Над головой послышался характерный прерывистый гул немецких самолетов, дорогу пересекли одна за другой три группы бомбардировщиков, их тени мелькали почти над самыми верхушками елей и сосен. Затем впереди и чуть левее загрохотало.
Кочевников остановил машину и вопросительно посмотрел на Алексея Петровича.
Но что мог сказать ему Задонов? Сказать было нечего. Тем более что совершенно непонятно, что и где бомбят и куда выведет их эта дорога.

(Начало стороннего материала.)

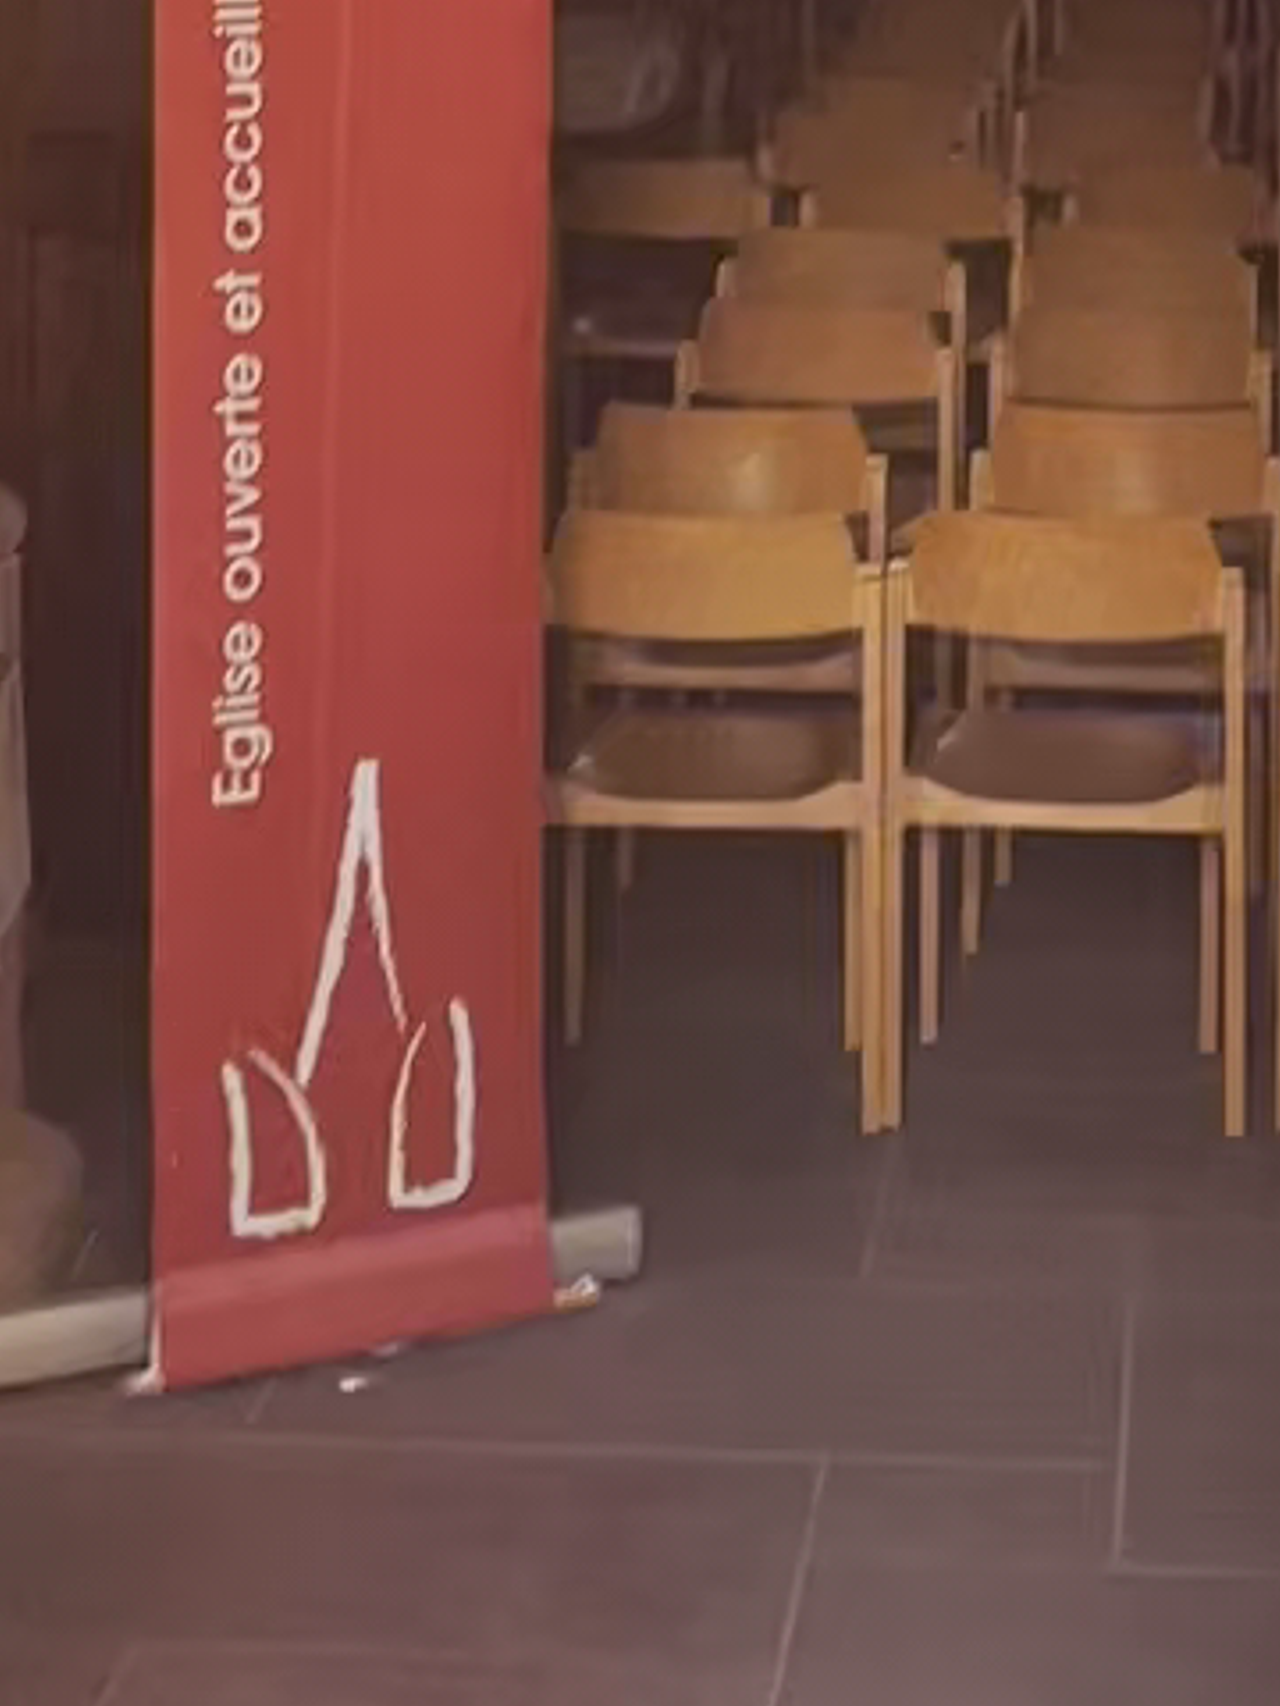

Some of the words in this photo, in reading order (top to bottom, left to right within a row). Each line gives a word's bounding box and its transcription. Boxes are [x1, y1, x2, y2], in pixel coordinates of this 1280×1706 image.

[214, 268, 263, 334] et
[214, 352, 263, 603] ouverte
[211, 620, 273, 807] Eglise
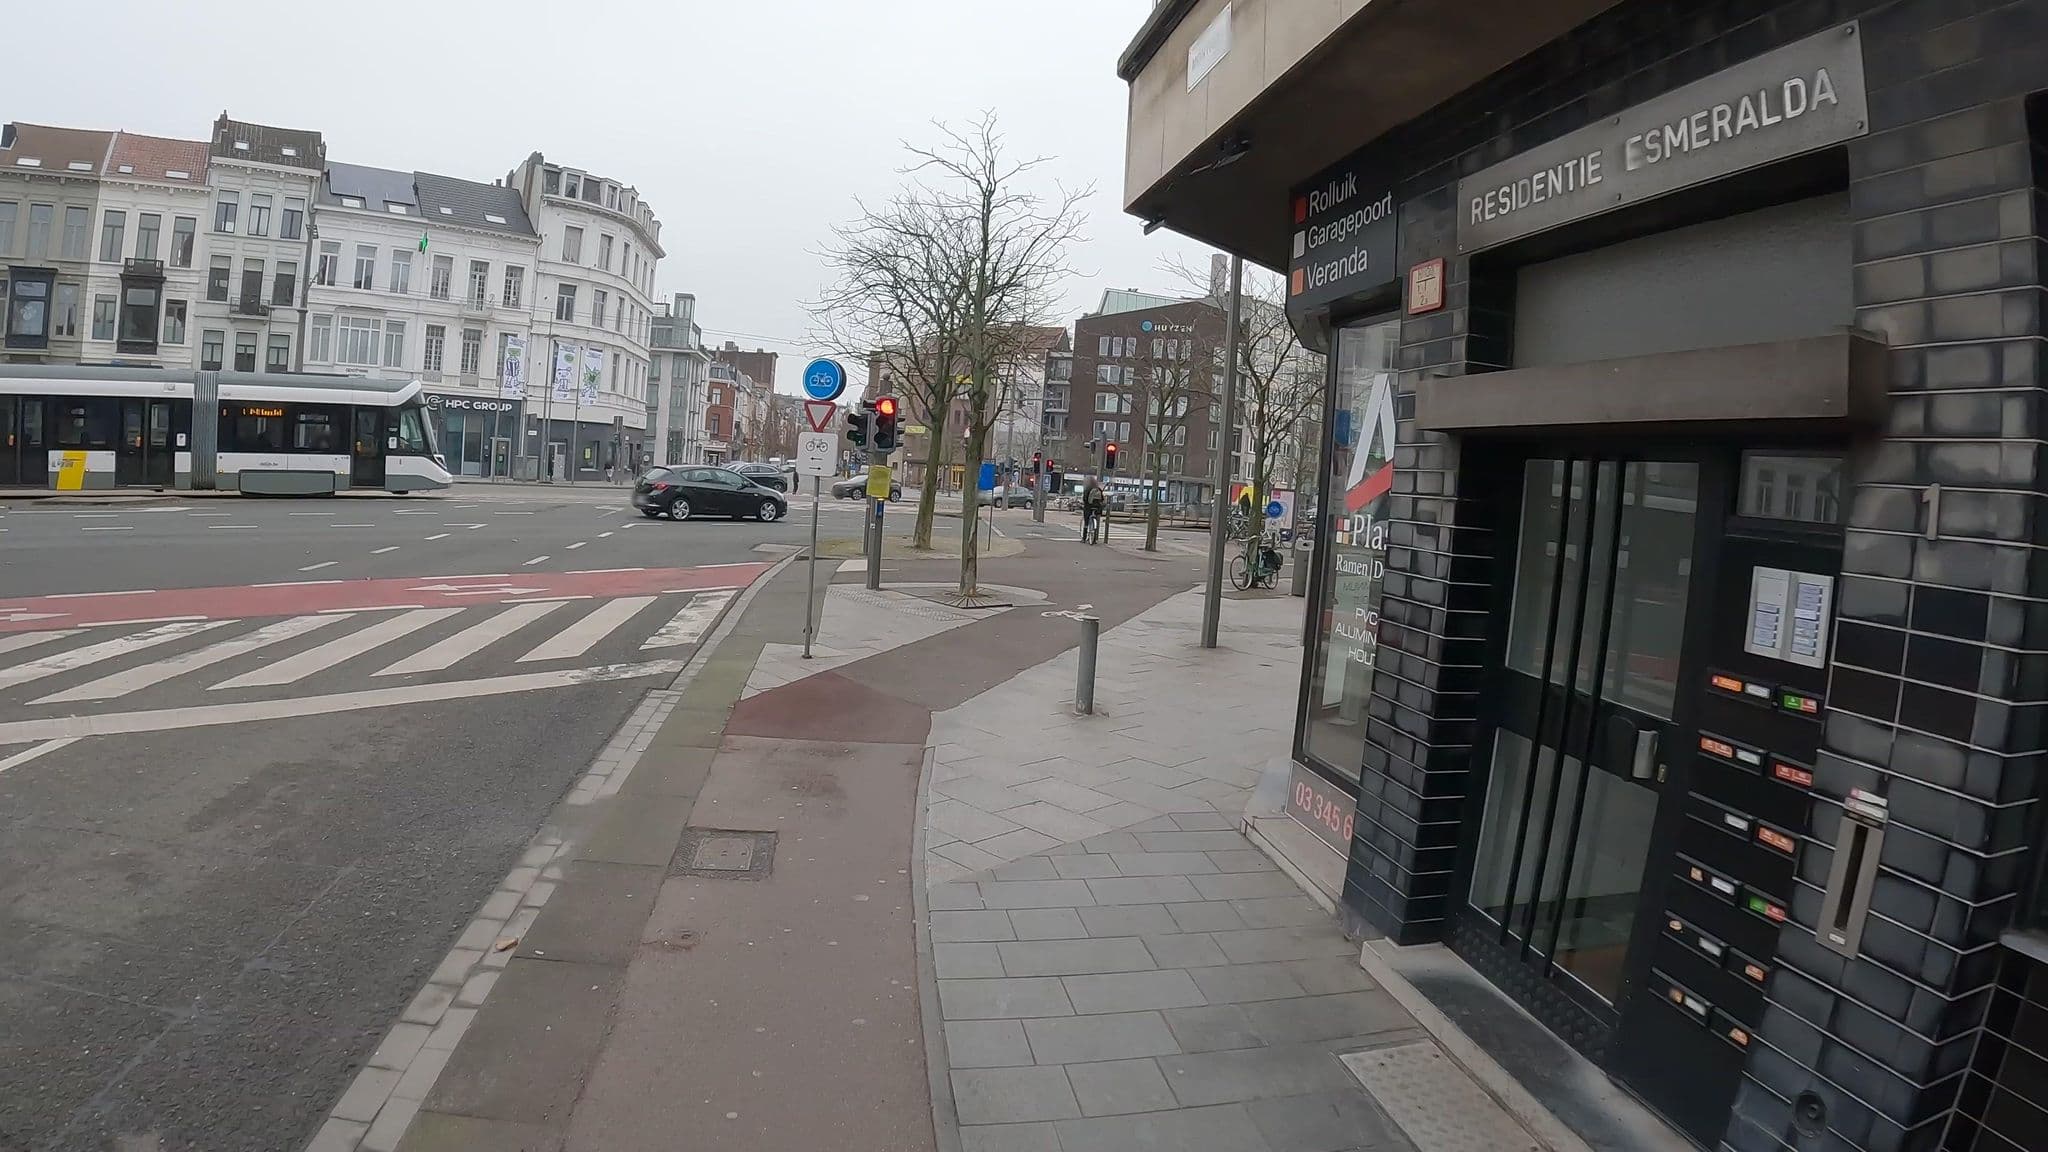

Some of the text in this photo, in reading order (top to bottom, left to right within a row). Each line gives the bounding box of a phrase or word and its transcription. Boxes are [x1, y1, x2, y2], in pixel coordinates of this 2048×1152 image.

[1471, 67, 1839, 226] RESIDENTIE ESMERALDA
[1308, 171, 1358, 217] Rolluik
[1307, 191, 1393, 249] Garagepoort
[1306, 246, 1368, 290] Veranda
[445, 399, 513, 411] HPC GROUP
[1335, 554, 1368, 577] Ramen
[1335, 622, 1377, 646] ALUMIN
[1355, 607, 1378, 626] PVC
[1295, 781, 1312, 812] 03
[1313, 794, 1341, 832] 345
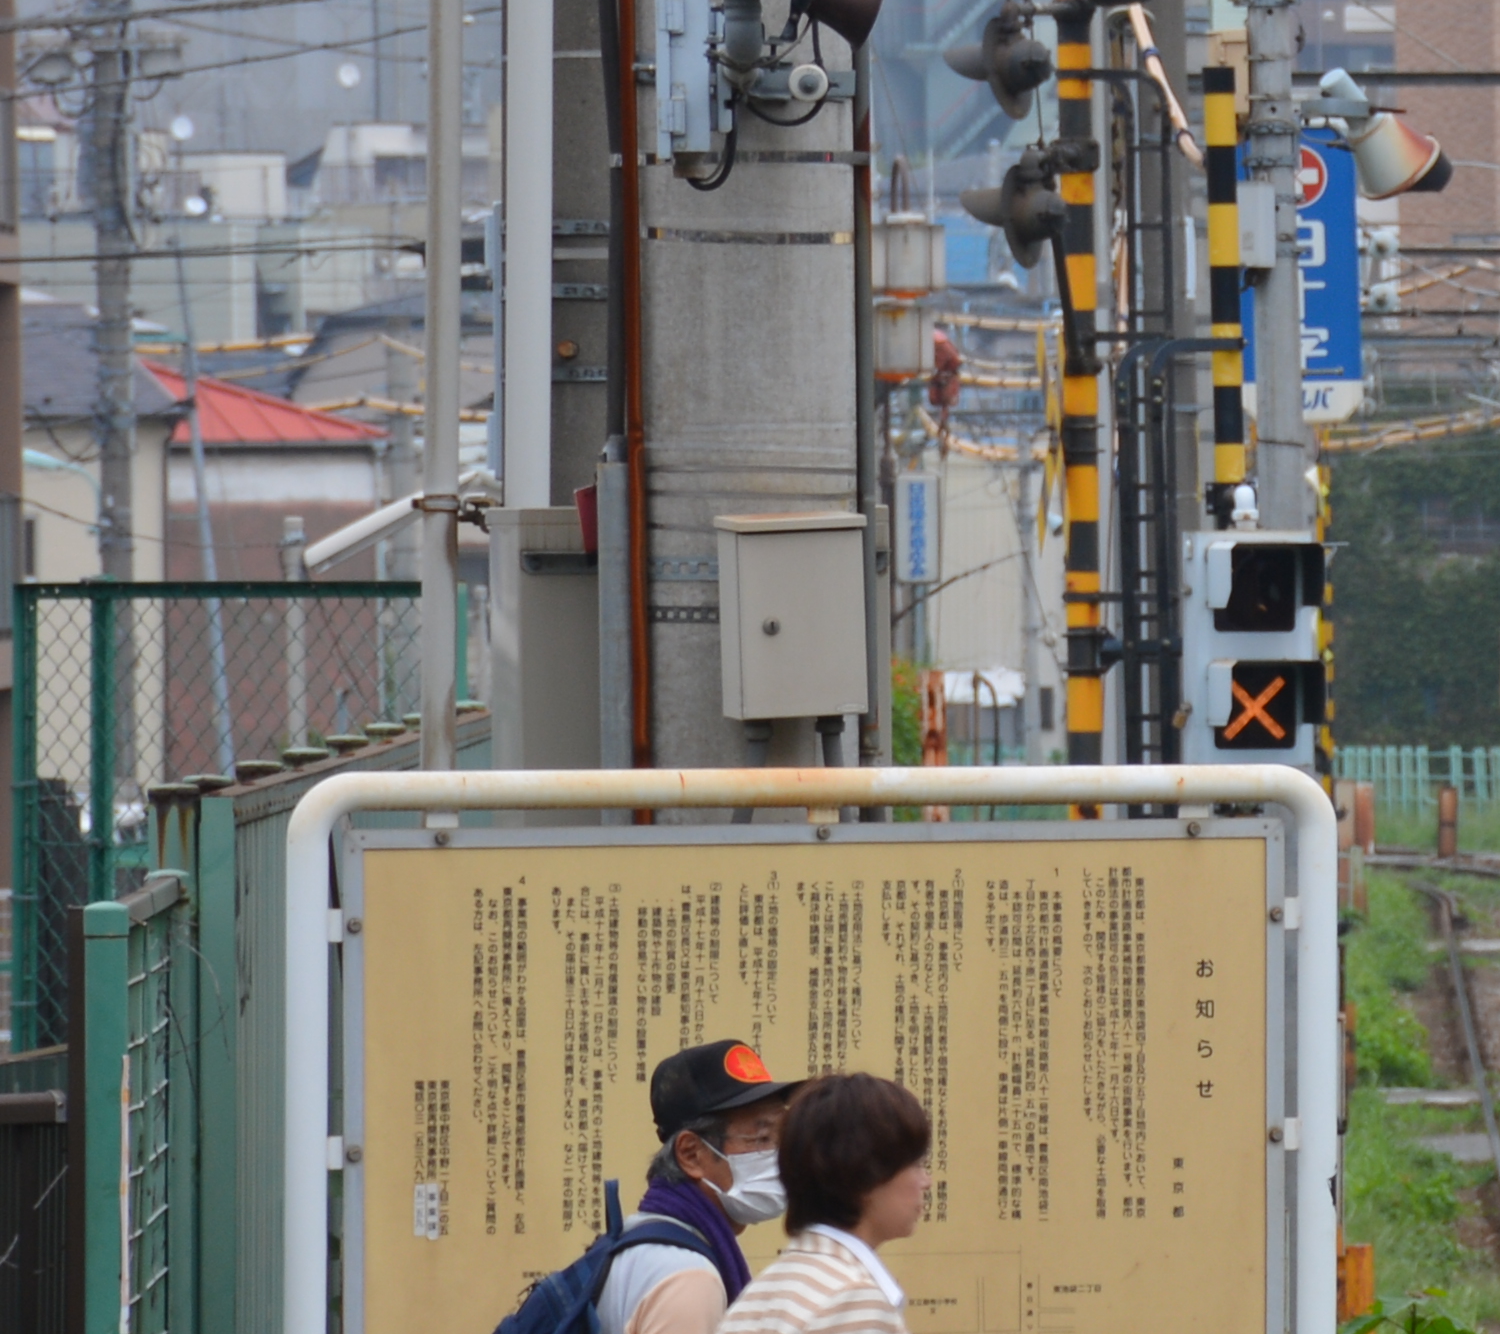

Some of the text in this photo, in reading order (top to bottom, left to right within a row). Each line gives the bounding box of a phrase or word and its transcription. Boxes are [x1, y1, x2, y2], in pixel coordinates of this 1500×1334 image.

[1196, 959, 1215, 1098] お知らせ
[1172, 1157, 1185, 1218] 東京都

Быть может, в лапы немецкому десанту.
— Я думаю, надо ехать дальше, — произнес не слишком уверенно Алексей Петрович. — В крайнем случае, повернем назад.
— Если успеем, — буркнул Кочевников и, вытащив из чехла карабин, оттянул затвор, убедился в том, что он заряжен, и поставил его в ноги.
Алексей Петрович вспомнил, что у него есть пистолет, перетянул кобуру поближе к животу и тоже проверил, заряжен он или нет, хотя все эти приготовления — после всего, что он пережил — казались ему сущим мальчишеством.
Еще через полчаса езды дорога, которая все более поворачивала влево, вдруг вырвалась из лесу на почти безлесные поля с редкими купами деревьев, дымящимся вдали селом и будто плывущей в дыму колокольней, тихой речкой с камышовыми зарослями, шатрами зеленых ив по берегам, желтеющими нивами и покосами, а сама дорога… — трудно было подобрать слова, которые могли бы определить, что именно представляла собой эта дорога: на всем протяжении, куда хватал глаз, она была загромождена разбитой техникой и валяющимися вокруг трупами советских танкистов и пехотинцев. Судя по всему, именно эта колонна была атакована немецкой авиацией на марше и стала ее легкой добычей. Еще горели танки и броневики, автомашины, то там, то сям что-то взрывалось и трещало, а вокруг, похоже, не осталось ни единой живой души.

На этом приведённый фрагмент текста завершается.